Jakarta menghadapi rob yang sangat serius. Ancaman rob akan makin meningkat di masa mendatang. Hal ini disebabkan adanya penurunan permukaan tanah di Jakarta terus menurun tanpa bisa dikendalikan. Dari hasil pengukuran tahun 1925-2010, permukaan air laut Jakarta selalu naik setiap tahun. Kenaikannya rata-rata 0,5 sentimeter (cm) per tahun. Sebaliknya, laju penurunan muka tanah Jakarta mencapai 5 cm hingga 12 cm per tahun, di sejumlah titik selama tiga dekade terakhir. Kondisi itu yang menyebabkan akumulasi permukaan air laut yang menggenangi tanah Jakarta jadi lebih tinggi.
Dari hasil penelitian ITB, yang dijalankan selama 1982-2010, dengan teknologi survei sifat datar (leveling survey), dan menggunakan alat global positioning system serta radar (Insar), ditemukan penurunan muka tanah tersebar di sejumlah tempat di Jakarta.
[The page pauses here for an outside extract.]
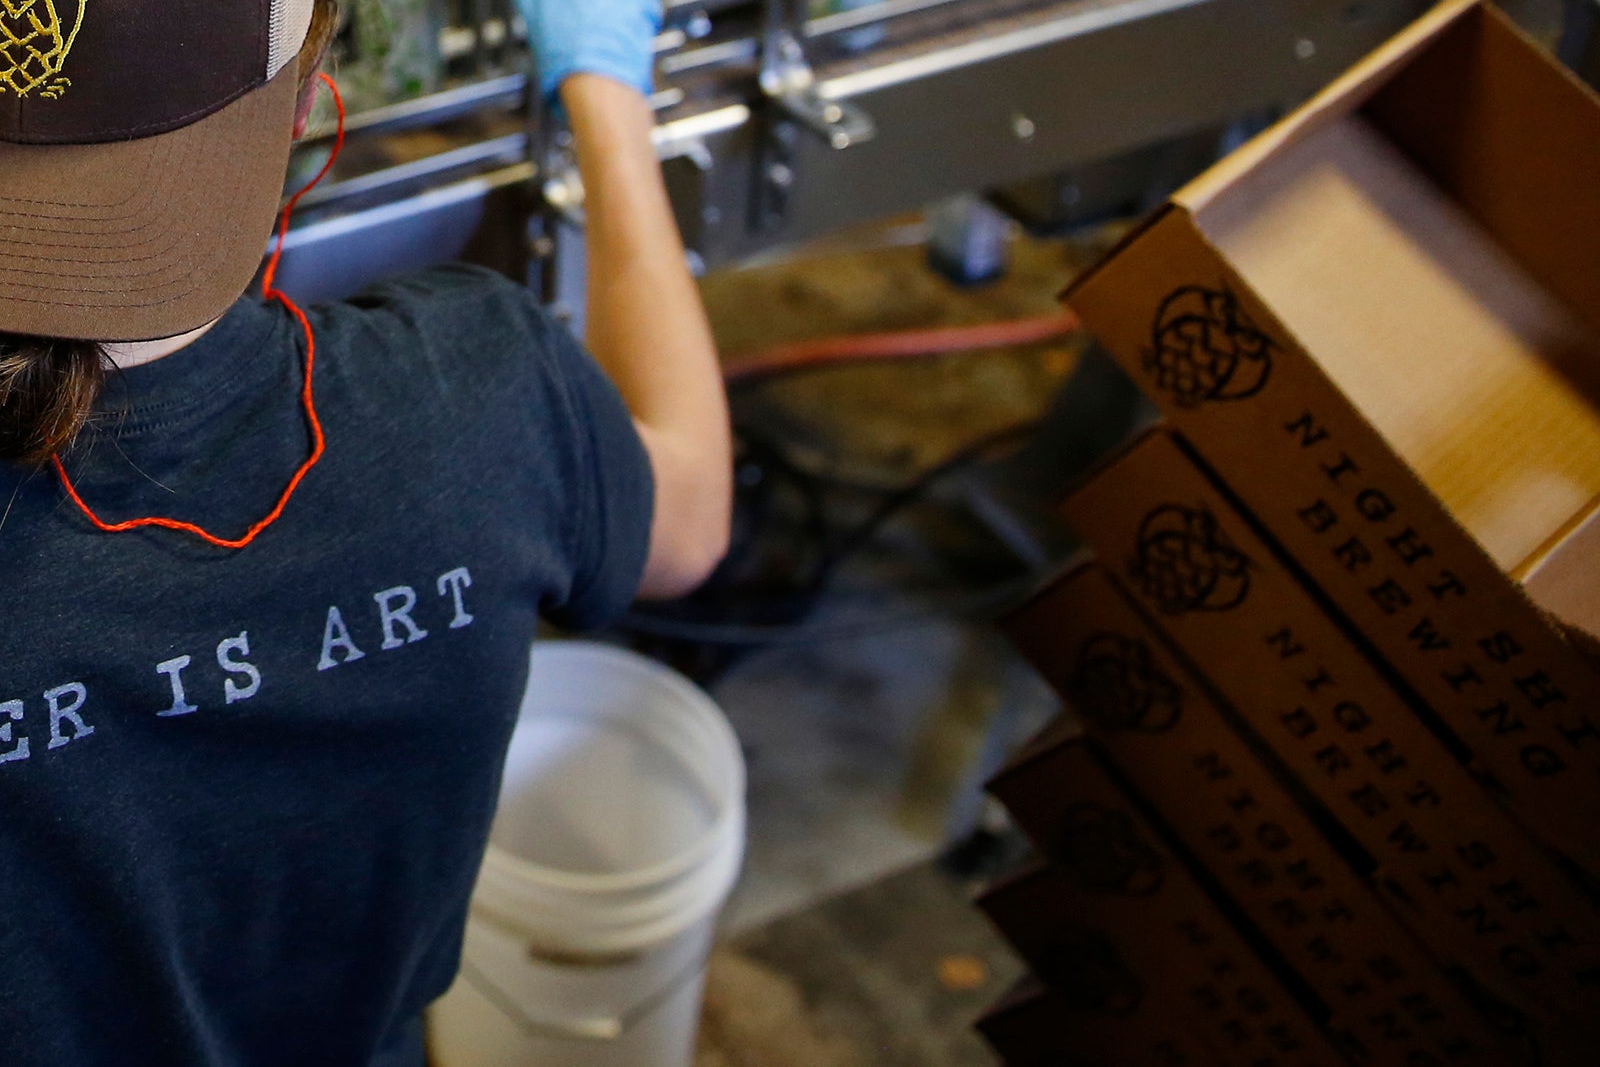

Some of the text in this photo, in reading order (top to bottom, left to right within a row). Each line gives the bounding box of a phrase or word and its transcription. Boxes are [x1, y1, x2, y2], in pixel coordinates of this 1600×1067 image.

Penurunannya bervariasi 1-15 cm per tahun. Bahkan, di beberapa lokasi terjadi penurunan 20-28 cm per tahun. Kawasan Pluit, Penjaringan, Jakarta Utara, adalah salah satu kawasan yang mengalami penurunan muka tanah cukup besar. Selama tiga dekade ini, beberapa daerah di Pluit mengalami penurunan tanah 1,8 meter hingga 3 meter.
Penurunan muka tanah akibat eksploitasi air tanah yang tidak terkendali, membuat Jakarta Utara semakin rawan banjir rob. Penurunan tanah di Jakarta bukan sesuatu yang bersifat alamiah. Tapi lebih disebabkan faktor pengaruh manusia yaitu eksploitasi air tanah yang melebihi daya tampung dan daya dukungnya. Pengambilan air tanah yang besar-besaran ini lah yang menyebabkan akuifer dalam tanah ambles. Selain itu ada faktor alami yaitu kenaikan muka air laut. Kombinasi antara turunnya tanah dan naiknya muka air laut itulah yang menyebabkan rob.
Saat ini, di Jakarta Utara wilayah ada 26 titik rawan banjir rob meliputi Penjaringan, Pluit, Kamal muara, Kapuk muara, Tanjung Priok, Kalibaru, Ancol, Pademangan, Marunda, Koja, Lagoa, Sunter Karya Selatan, Papanggo, Sunter Agung, Warakas, Kebon Bawang, Sungai Bambu, Jampea, Kramat Jaya, Kelapa Gading, KBN Cakung, Sunter Jaya, dan Yos Sudarso.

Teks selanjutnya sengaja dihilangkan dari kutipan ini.